When thinking of click fraud and related issues, it is essential to consider a number of areas, first there are the physical attacks that come from human such as “Paid to Read” and “Pay to Click” sources. Looking at correlations from time and location I would look at correlation browsing patterns to find sources that are likely to be engaging in unacceptable activities.
If the cost of directly paying or coercing a human to click on a banner is less than the returns of clicking on the banner fraud will occur. Reference sources and referrers sites could be a pornographic site as well with many sites offering access to porn if they solve CAPTCHA’s for instance.
Impression spam comes about as a consequence of HTTP requests for web pages that contain advertisements, but that do not inevitably match up to a user viewing the page. A web crawler or “scraping” program could be used to issue an HTTP re-quest for a web page that happens to contain a banner.
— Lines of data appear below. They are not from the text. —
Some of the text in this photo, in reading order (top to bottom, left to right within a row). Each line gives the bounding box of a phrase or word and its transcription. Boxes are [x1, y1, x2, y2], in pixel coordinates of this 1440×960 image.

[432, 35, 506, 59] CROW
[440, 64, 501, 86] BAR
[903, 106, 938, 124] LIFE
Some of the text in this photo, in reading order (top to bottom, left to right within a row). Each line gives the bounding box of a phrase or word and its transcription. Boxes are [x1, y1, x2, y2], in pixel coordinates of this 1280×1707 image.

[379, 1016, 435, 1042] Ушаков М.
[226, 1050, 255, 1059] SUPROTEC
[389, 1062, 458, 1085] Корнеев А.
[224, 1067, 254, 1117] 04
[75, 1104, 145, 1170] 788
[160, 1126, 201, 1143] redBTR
Statistically, this variety of request could be distinguished from those requests issued by human users as the banner requests would not correlate to the other images and calls made by the page.
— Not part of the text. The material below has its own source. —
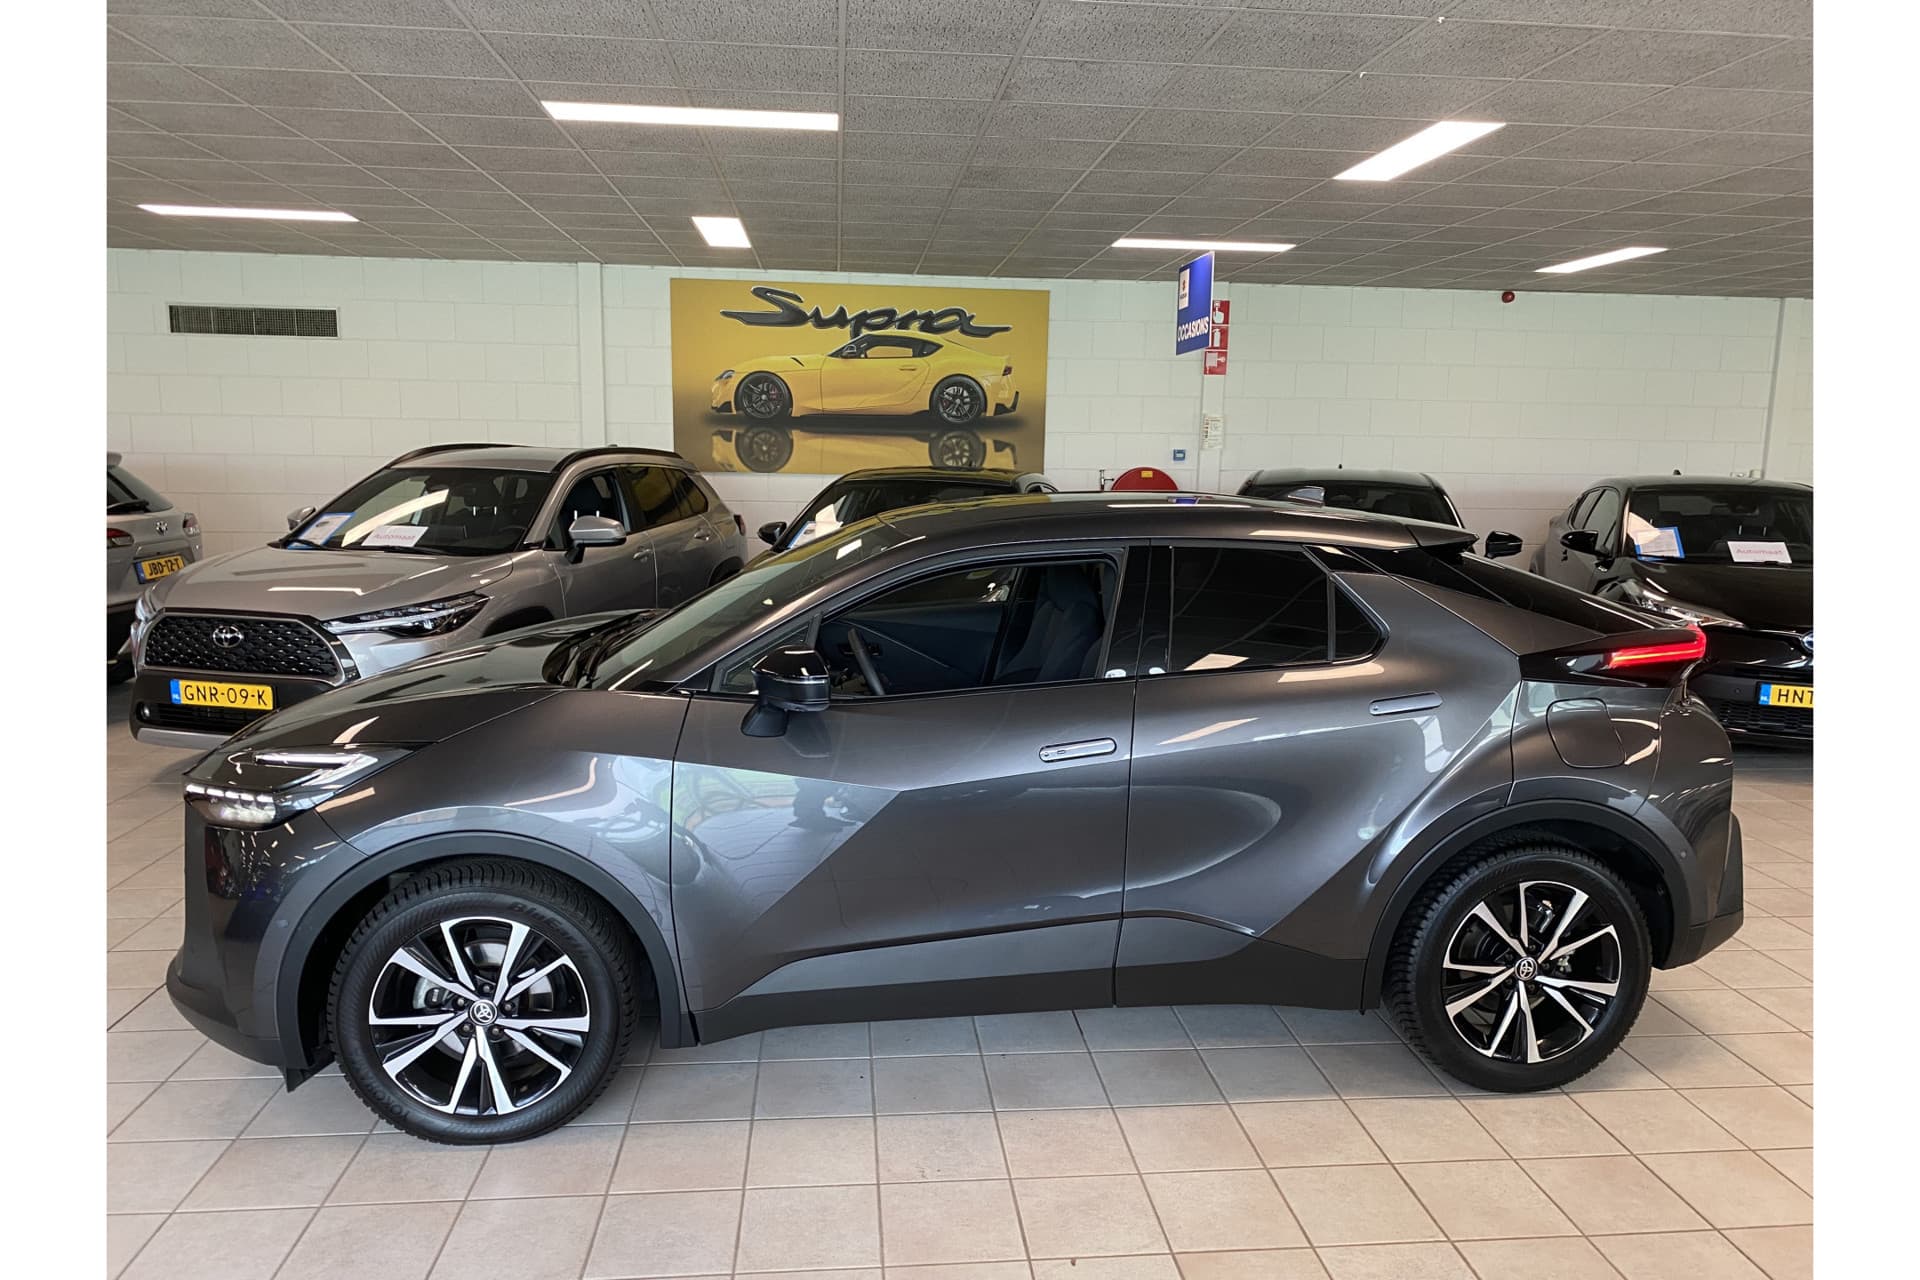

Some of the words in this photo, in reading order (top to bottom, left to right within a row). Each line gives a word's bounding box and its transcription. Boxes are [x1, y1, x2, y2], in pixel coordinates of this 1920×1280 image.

Next there are invalid clicks – these occur due to malicious intent from either “advertiser competitor clicking” or “publisher click inflation”. I see advertiser competitor clicking being the type that is a problem in this instance. For this it would be necessary to analyse click sources against competitor keywords.
Next there is the issue of Tor networks and open Proxies and also those that strip cookies, modify identifying information and change requests. Infected cyber-cafes are also an issue. However, source address location to client market may be used in many cases to determine fraud. Also, over time these are likely to succumb to analysis.
Next there are the particular robotic attacks that could be deployed. I would be checking for signs of “bots”. There is a possibility of invalid user-agent string or unlikely fields in the headers of the HTTP requests. The statistical distribution of the user-agent string should have some correlation to the distribution of browsers.
Clickbot networks have a level of predictability as do for-sale/ for-rent botnets.
“Forced browser clicks” are more difficult. This is more likely to require offline detection. The aggregate set of clicks should correlate to the distribution of files on the web server.
Next there are a number of other areas to consider:
- Covert_TCP and other covert channel methods,
- DNS rebinding attacks
- Distributed malware
- XSS, Flash with HTTP calls, etc
Some other considerations would have to include p0wf (Passing Fingerprinting of Web Content Frameworks) and time based correlations.